Aging Beer: Part 1

Most people think that wine is meant to be aged, while beer should always be consumed fresh.  It isn’t quite that simple. It’s true that many wines will improve with age, but others should be drunk as soon as possible.  And while most beer is at its peak the day it’s bottled, there are age-worthy beers that can become more interesting with time.

First let’s talk about beer that you should never age.  A pilsner, with its clean crisp taste, could develop a readily apparent off-taste as it ages. An IPA probably won’t get an unpleasant taste, but the vibrant hop character will quickly fade.  And since the pronounced hop taste is the main point of an IPA, time can turn a delicious IPA into a bland and unremarkable pint.

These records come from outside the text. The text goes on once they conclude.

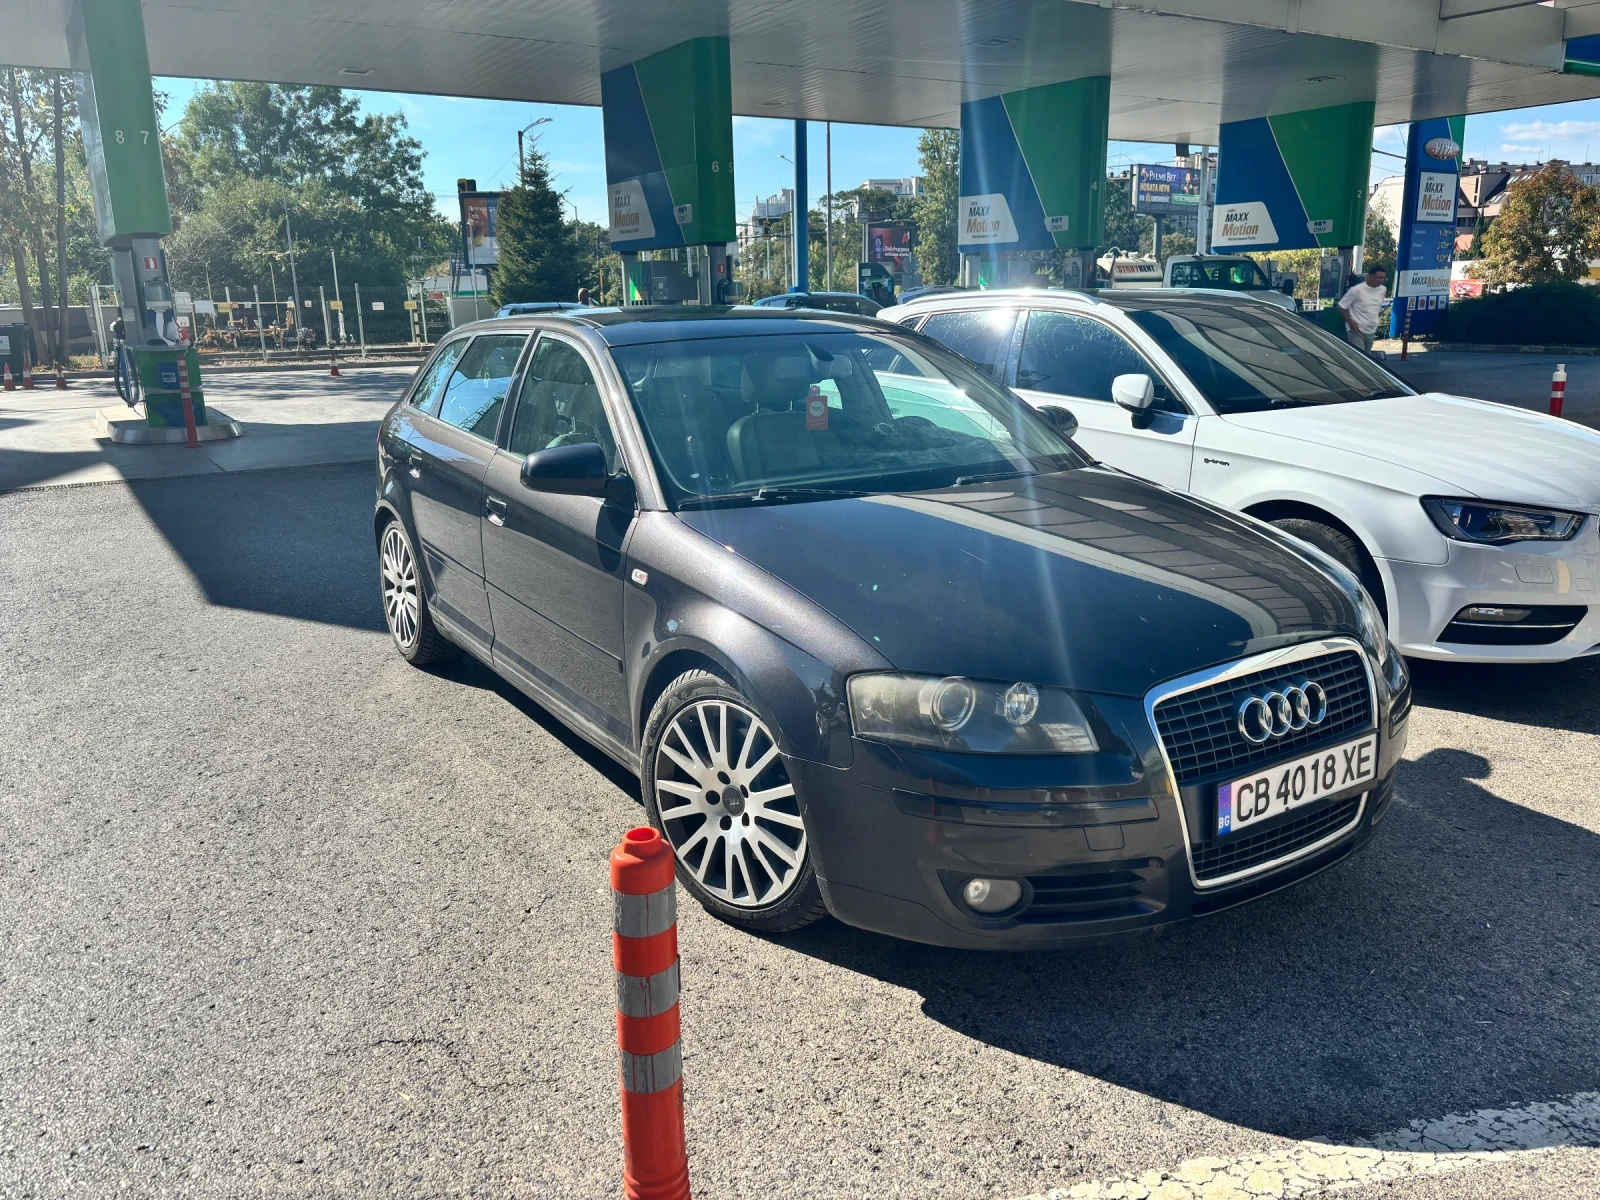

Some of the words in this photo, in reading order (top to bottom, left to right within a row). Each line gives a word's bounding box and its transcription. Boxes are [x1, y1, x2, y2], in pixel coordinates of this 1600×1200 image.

[115, 130, 125, 144] 8
[140, 130, 149, 145] 7
[711, 161, 719, 173] 6
[1091, 181, 1097, 190] 4
[1425, 182, 1444, 194] MAXX
[1356, 189, 1362, 198] 2
[614, 195, 631, 209] MAXX
[1421, 193, 1452, 211] Motion
[969, 205, 990, 217] MAXX
[1225, 212, 1250, 222] MAXX
[614, 208, 640, 228] Motion
[966, 217, 1000, 233] Motion
[1222, 222, 1259, 236] Motion
[901, 231, 910, 244] A1
[1116, 265, 1155, 273] STROYRENT
[1411, 276, 1428, 286] MAXX
[1427, 276, 1450, 288] Motion
[1236, 777, 1270, 822] CB
[1276, 753, 1336, 806] 4018
[1341, 741, 1372, 785] XE
[1218, 815, 1230, 829] BG
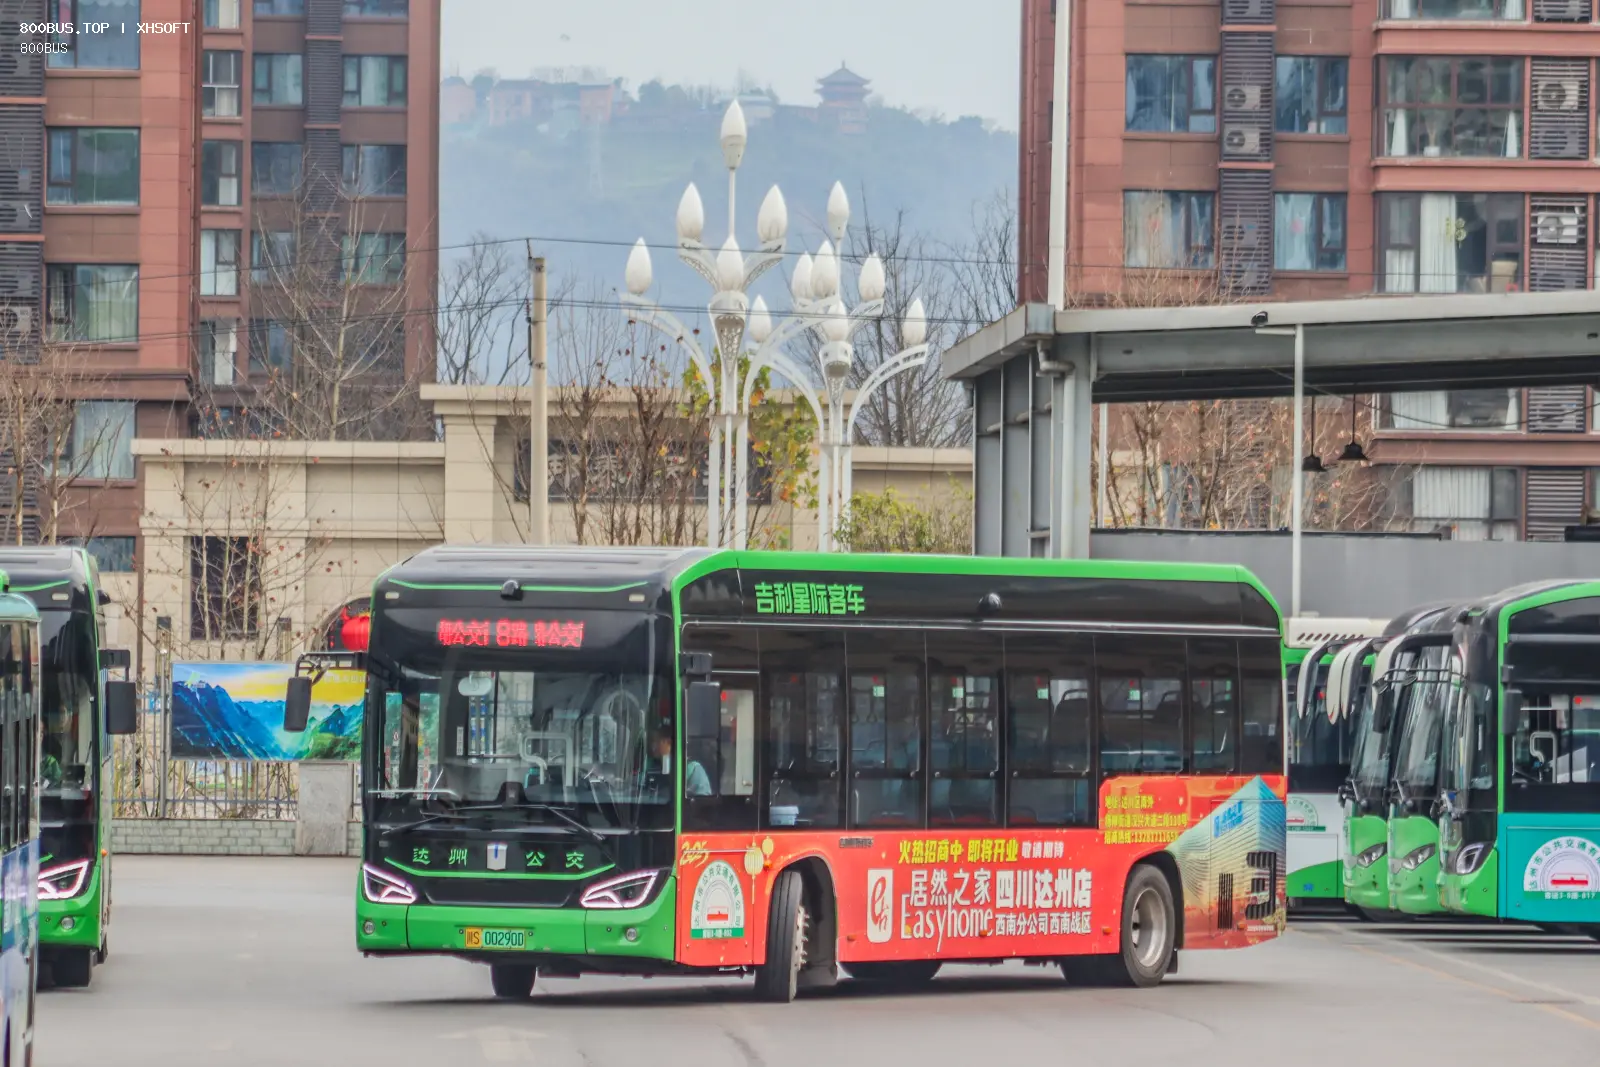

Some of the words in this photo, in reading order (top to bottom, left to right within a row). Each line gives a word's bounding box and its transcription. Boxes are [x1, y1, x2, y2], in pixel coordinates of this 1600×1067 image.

[754, 582, 865, 615] 吉利星际客车
[898, 840, 964, 864] 火热招商中
[967, 838, 1019, 863] 即将开业
[1021, 840, 1065, 859] 敬请期待
[909, 868, 992, 907] 居然之家
[995, 869, 1092, 909] 四川达州店
[900, 893, 994, 953] Easyhome

So, what type of beer might be worth aging? There are three rules for beers that will age, known as “the S’s”, which are:

  • Strong beer, generally with more than 8% ABV
  • Sour beer, including Lambic ales
  • Smoked beer with smoked malts, or other complex flavours

You can also look for beers that are bottle conditioned, or bottled with live yeast, as this will allow the beer to continue to ferment over time. adding to the complexity.

Now let’s pour a flight and get tasting.

Flight of Fancy

We started with a beer that should not be aged – Walkin’ on Sunshine from Brew Revolution. The first sample (on the far right) was on draft, from a batch that finished brewing just last week. This is a NEIPA style, and true to form it is very hazy in the glass. John (the pilot) described it as “overcast”. The colour was like fresh apricots. The taste evoked stone fruit, including apricot and peaches, along with navel oranges. Although this beer only has 6 IBU, there was a slight “grapefruit rind” bitterness in the aftertaste giving it a refreshing balanced finish. It’s easy to see why this is such a favourite.

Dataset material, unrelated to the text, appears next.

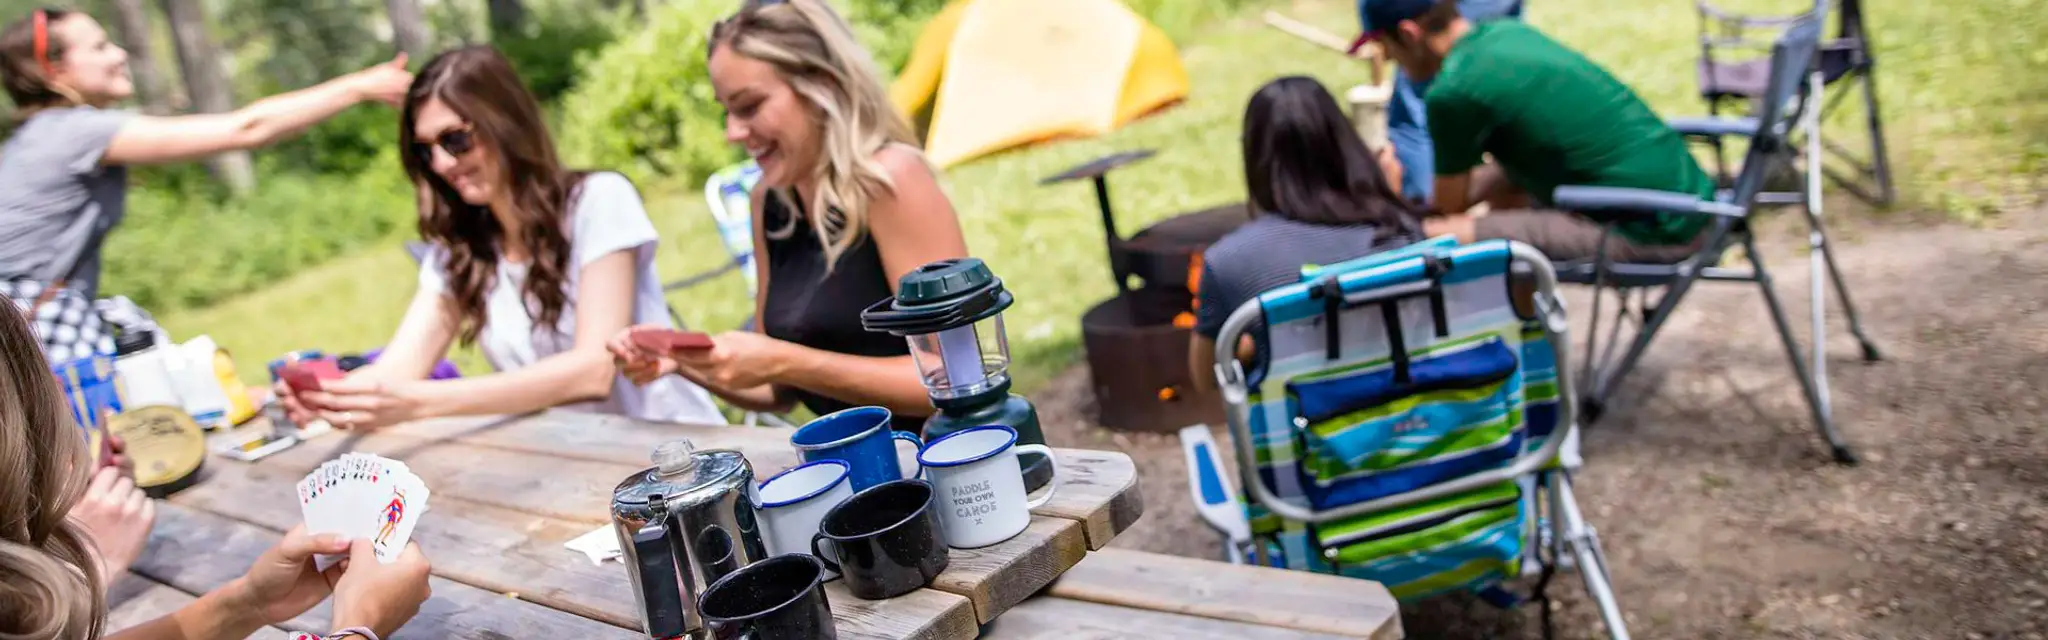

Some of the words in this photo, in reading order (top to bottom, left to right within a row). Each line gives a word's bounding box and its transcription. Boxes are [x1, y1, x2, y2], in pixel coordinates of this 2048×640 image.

John’s take: Give me a minute … I think of Orange Fanta. This takes me back to my youth.

Next we tasted the exact same beer, but this time a can from a batch brewed 2 or 3 months ago. This time, the beer was pale yellow, with only a very slight haze, almost looking like condensation on the glass. You could still smell apricots, but more apricot pits than the fruit. The taste had the same elements as the fresh sample, but everything was very subdued. This is clearly a beer that is meant to be drunk as young as possible.

John’s take: Everything flattened out, and the alcohol came to the top.

And now, for a beer that has the potential to age.

Whoa Blackberry – old and new

Our second beer was Whoa Blackberry (Bam-a-lam) Imperial IPA. This beer is age-worthy with its alcohol content of 10% ABV, even though it’s an IPA. We started with this year’s anniversary release, which was quite hazy and the colour of rose hips (or perhaps, power steering fluid). The nose was reminiscent of cooked berries – warm blueberry pie, blackberry jam on toast, or a raspberry tart. The taste was very dry, and showed tart fruit on the tongue (like a tart blackberry jam) along with hints of licorice.

John’s take: …this is really good. I’m digging it.

We finished with a sample of Whoa Blackberry that has been aging in the bottle for about 2 1/2 years. This beer looked like cognac or amaretto in the glass – mahogany colour and crystal clear. The aroma was rich and complex with currents, dried fruit, almonds and maraschino cherries. And alcohol – there was no mistaking the high alcohol content here. It coated your mouth with sweet (toffee) and tart (rhubarb) flavours. You almost thought you were drinking a Manhattan or an Old Fashioned.

Wes’ take: Two different beers in the same sip. It starts as toffee, and then at some point it stops, and becomes a lingering alcohol dryness.

John’s take: Not my favourite.

And that is probably the perfect message to take from this tasting. Some beers can develop intriguing flavours as they age, but they won’t be to everyone’s taste.

… and drink your Walkin’ On Sunshine while it’s fresh!